→ What you should do: The expected answer is the data below, printed verbatim without its pictures.

→ Given data:
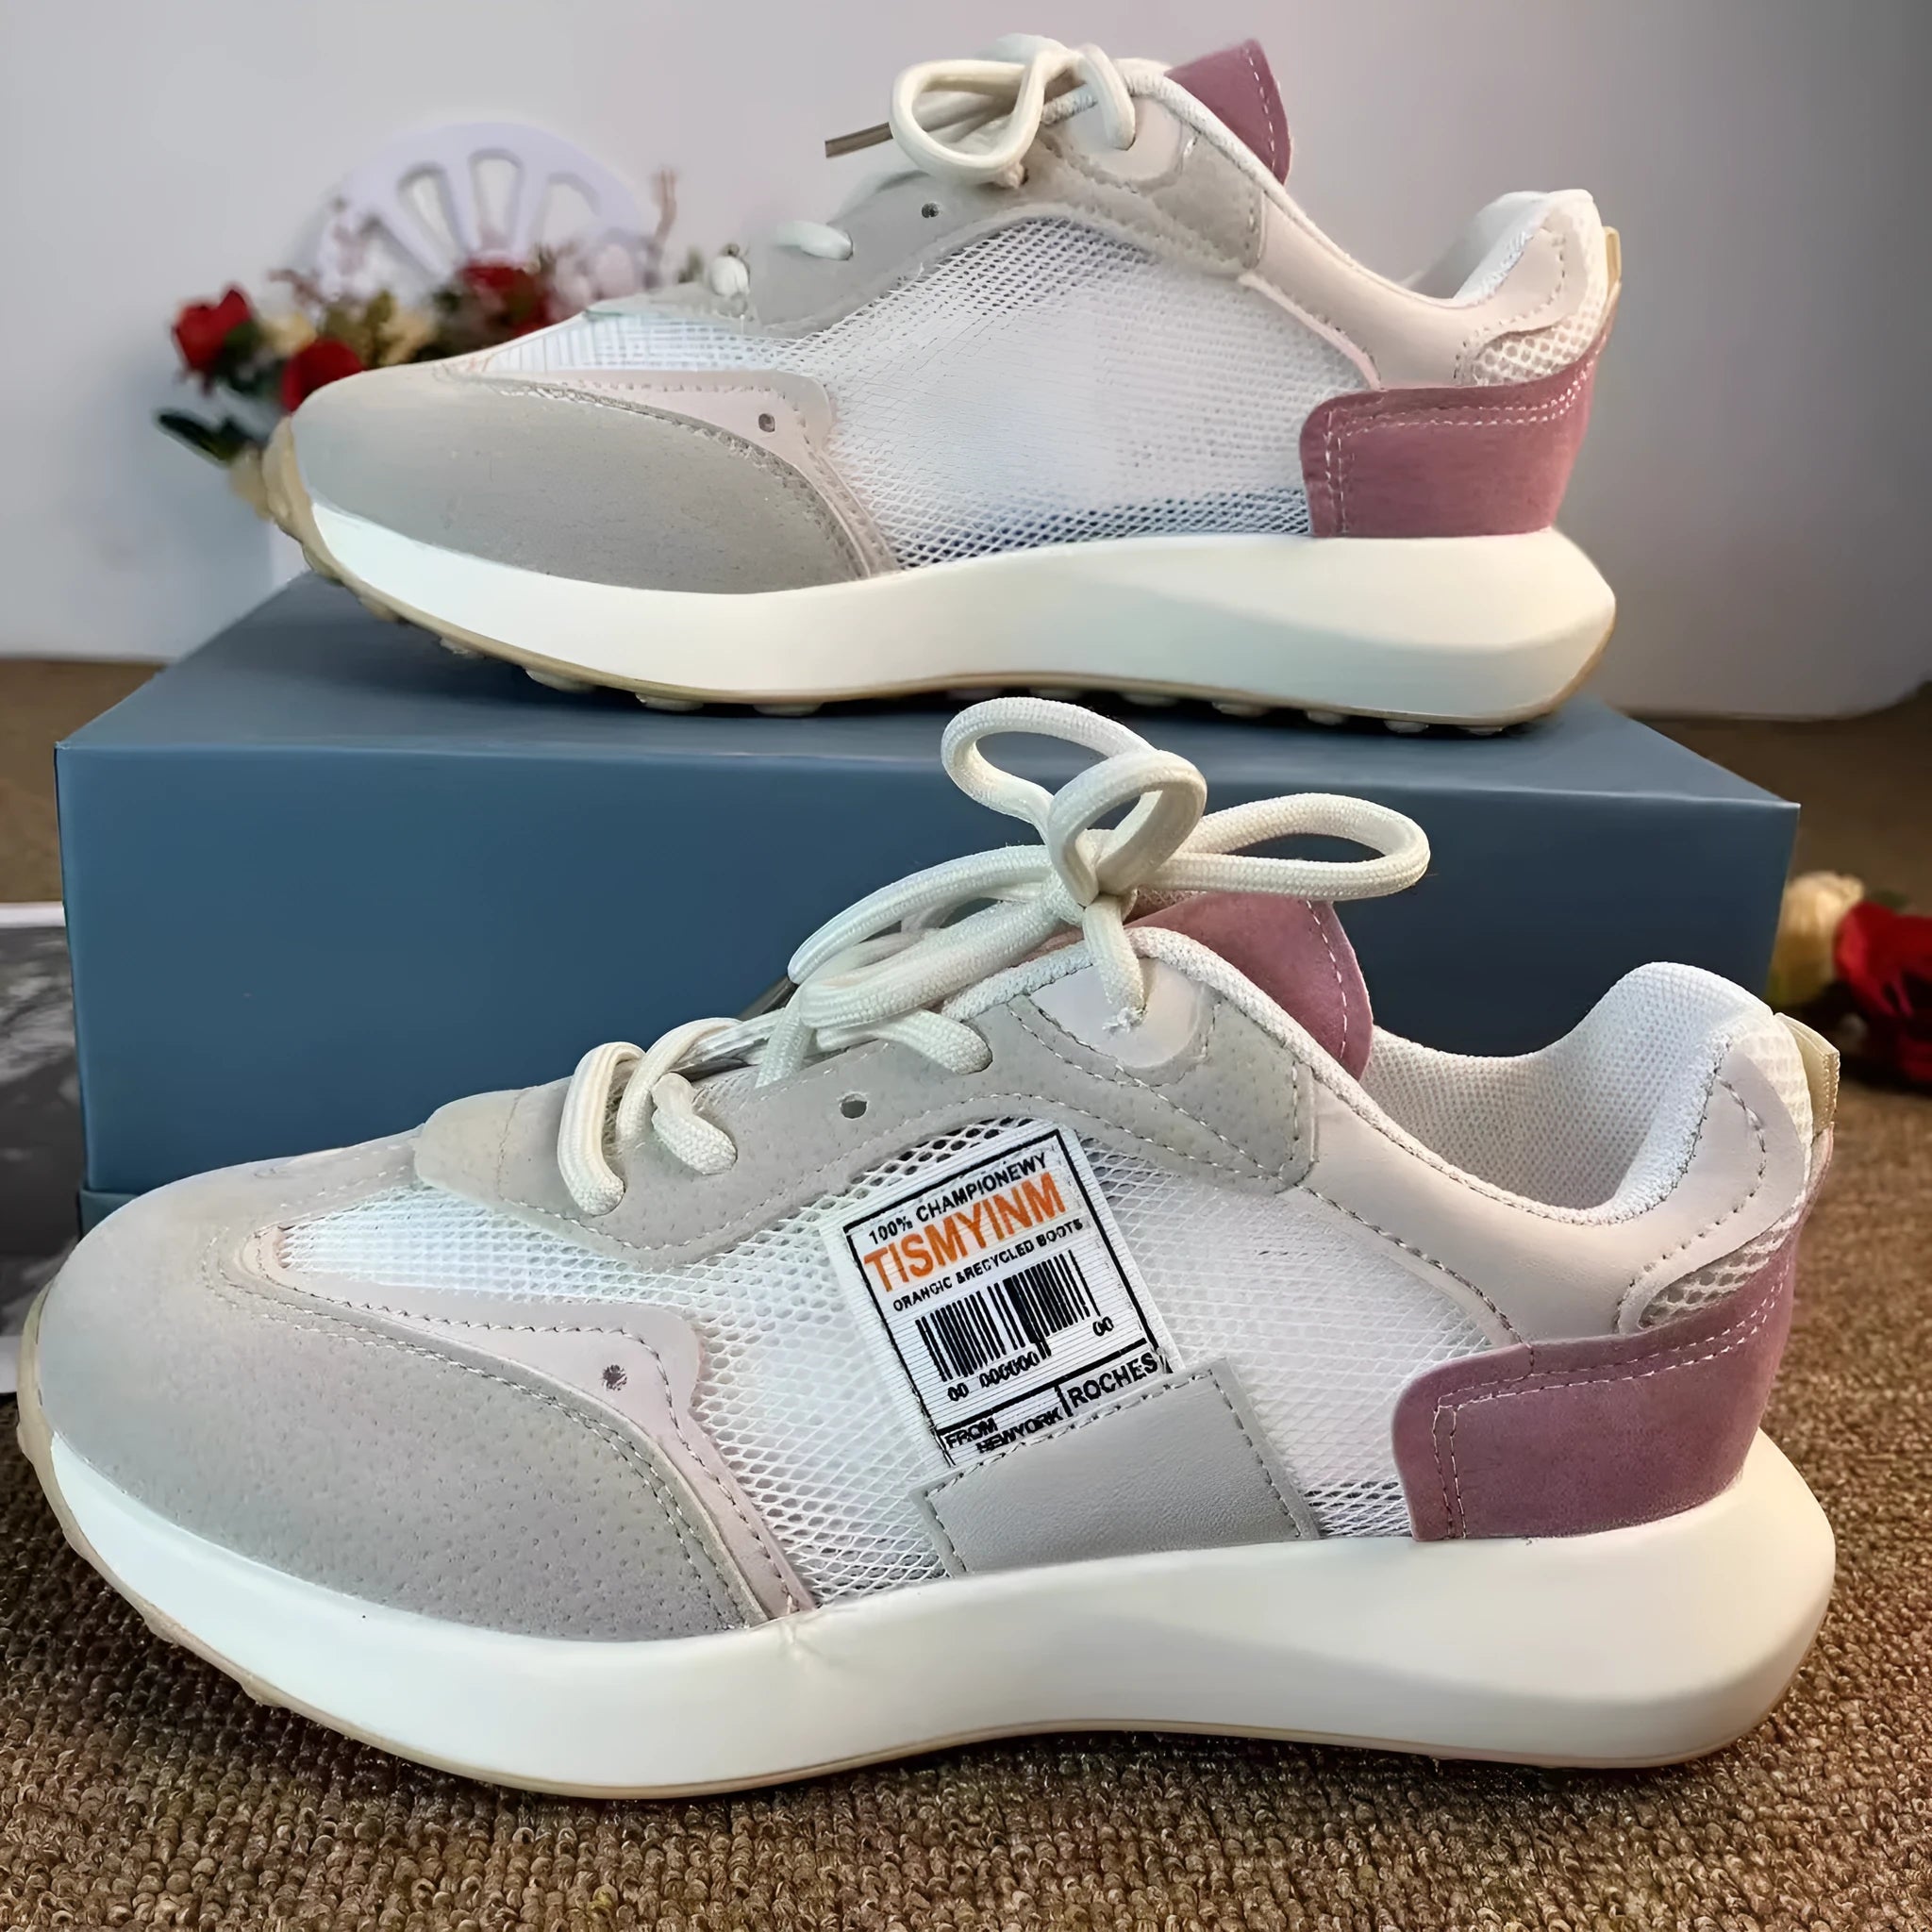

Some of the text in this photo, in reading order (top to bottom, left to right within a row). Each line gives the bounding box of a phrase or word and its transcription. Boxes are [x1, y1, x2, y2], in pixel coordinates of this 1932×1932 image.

[915, 1152, 1048, 1222] CHAMPIONEWY
[863, 1172, 1067, 1292] TISMYINM
[1037, 1218, 1084, 1248] BOOTS
[1068, 1351, 1158, 1407] ROCHES

→ Response to the exercise:
Some of the text in this photo, in reading order (top to bottom, left to right within a row). Each line gives the bounding box of a phrase or word and its transcription. Boxes are [x1, y1, x2, y2], in pixel coordinates of this 1932×1932 image.

[915, 1152, 1048, 1222] CHAMPIONEWY
[863, 1172, 1067, 1292] TISMYINM
[1037, 1218, 1084, 1248] BOOTS
[1068, 1351, 1158, 1407] ROCHES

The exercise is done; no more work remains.